The rubberised grip is the perfect size for medium and large hands, resting comfortably in the palm and allowing fingers to fall in almost precisely the right place to access the camera’s controls. There are five customisable function buttons, although two of these could be placed in better positions. Fn1 on the camera’s top-plate would have been better positioned closer to the edge where your thumb rests, and Fn4 (delete/return) is uncomfortable to use while holding the camera in a natural shooting position – it is only easily accessed during picture reviewing. Five customisable functions buttons are perhaps too many and will intimidate the less experienced user, especially considering that there are dedicated buttons, switches and dials for almost every shooting function one could expect to use on a regular basis, including ISO, white balance, drive, exposure compensation, AF/AE lock, focus mode and more.

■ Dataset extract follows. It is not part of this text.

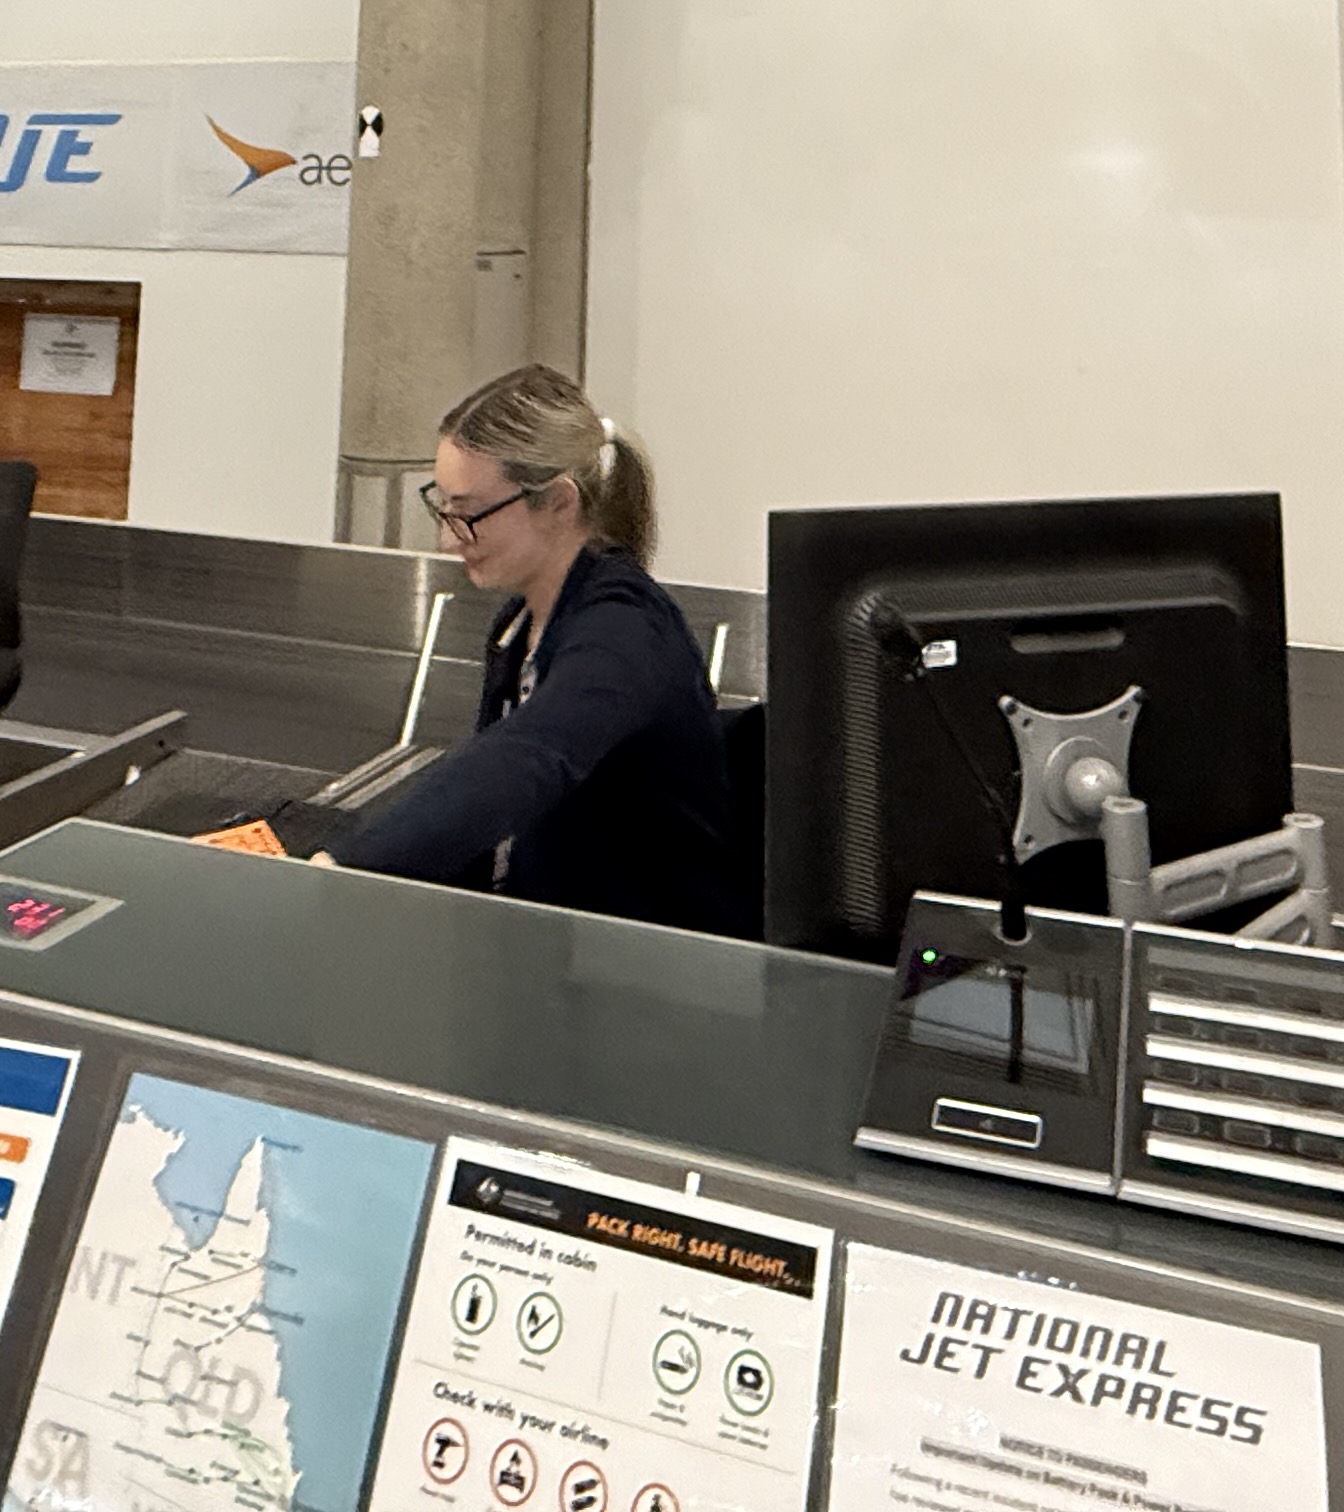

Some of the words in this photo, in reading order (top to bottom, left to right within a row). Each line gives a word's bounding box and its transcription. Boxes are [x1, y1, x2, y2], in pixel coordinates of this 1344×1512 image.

There is definitely something to be said for allowing users to tailor their devices to their own specific needs, but there’s also something to be said for a manufacturer telling users exactly what is what and letting them love or loathe those decisions. It feels like Panasonic is trying too hard to cover all bases, leaving this relatively small camera looking a little cluttered.
One of my favourite improvements is the speckled finish that has been given to the GH4’s metal frame, bestowing a level of sophistication on this camera that the GH3 lacked. The GH4 looks and feels special. Another pleasant touch is the addition of a locking mechanism on the shooting dial, which can be pushed in to prevent accidental mode switching.